After what feels like years of attending schooling shows, mastering those lower level tests, you’ve finally decided that you’re ready. You’re feeling confident about your ability to not embarrass yourself at the rated shows, so you’re going to do it – you’re going to join the United States Dressage Federation, and you’re going to start working towards your medals.
You submitted an application to join, and it seemed easy enough. But one night, as you’re about to lay your head down to sleep, you see it. There’s an envelop on your pillow. How did that get there? You left your mail in a giant pile on your dining room table, you don’t bring it into the bedroom. You reach out to quickly swat it away, but you notice its surprising lightness. Curious now, you open it up. Inside, is a single thick, black hair. A horse hair.

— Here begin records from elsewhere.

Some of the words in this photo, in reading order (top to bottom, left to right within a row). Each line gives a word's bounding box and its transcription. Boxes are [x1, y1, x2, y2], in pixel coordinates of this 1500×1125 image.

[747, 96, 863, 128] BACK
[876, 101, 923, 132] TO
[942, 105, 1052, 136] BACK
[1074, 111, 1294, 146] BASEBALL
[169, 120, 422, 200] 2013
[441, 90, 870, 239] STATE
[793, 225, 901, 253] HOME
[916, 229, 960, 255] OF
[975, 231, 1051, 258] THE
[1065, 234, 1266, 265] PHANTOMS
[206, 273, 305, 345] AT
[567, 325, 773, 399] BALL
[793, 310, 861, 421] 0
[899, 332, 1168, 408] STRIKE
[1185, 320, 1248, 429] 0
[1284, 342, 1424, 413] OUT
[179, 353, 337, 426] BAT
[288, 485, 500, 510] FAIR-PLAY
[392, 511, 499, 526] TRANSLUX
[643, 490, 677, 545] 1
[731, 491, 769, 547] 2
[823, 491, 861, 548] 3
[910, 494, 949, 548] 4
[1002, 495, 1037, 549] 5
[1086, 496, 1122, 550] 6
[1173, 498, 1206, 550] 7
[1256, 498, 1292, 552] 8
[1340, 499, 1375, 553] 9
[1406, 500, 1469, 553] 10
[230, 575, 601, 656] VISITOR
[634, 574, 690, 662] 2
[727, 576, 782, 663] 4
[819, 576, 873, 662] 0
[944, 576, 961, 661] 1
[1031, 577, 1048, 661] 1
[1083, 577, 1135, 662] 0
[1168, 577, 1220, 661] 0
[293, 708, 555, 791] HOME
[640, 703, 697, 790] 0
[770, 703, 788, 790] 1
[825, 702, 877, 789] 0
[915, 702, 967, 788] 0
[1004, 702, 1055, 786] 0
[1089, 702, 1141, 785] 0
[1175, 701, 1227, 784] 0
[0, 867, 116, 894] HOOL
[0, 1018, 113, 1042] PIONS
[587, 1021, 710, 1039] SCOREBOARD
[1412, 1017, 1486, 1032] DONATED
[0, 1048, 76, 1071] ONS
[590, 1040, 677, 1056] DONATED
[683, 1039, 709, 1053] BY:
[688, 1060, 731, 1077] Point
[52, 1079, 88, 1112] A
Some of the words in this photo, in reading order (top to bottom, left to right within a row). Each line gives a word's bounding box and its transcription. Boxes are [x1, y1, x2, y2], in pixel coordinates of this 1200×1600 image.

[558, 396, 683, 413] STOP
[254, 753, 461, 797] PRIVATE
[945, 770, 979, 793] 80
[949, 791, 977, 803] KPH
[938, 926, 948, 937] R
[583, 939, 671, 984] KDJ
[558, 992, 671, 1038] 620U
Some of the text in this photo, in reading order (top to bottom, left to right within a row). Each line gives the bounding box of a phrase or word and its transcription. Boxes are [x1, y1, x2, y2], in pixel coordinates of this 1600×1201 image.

After some quick whispers with your barn friends, you find out it’s an invitation to be initiated. You’re been accepted into the USDF, but you must complete the rituals. You asked what they are, but no one will answer.
You do find out what you’re supposed to do, though. At the strike of midnight, you enter the dressage arena at A, this time without a horse. You proceed up center line, and halt at X, setting down your offering of wine. There, you wait.
A commanding voice booms out from the darkness, telling you to close your eyes. You do, and you hear shuffling around you. Moments later, you are blindfolded.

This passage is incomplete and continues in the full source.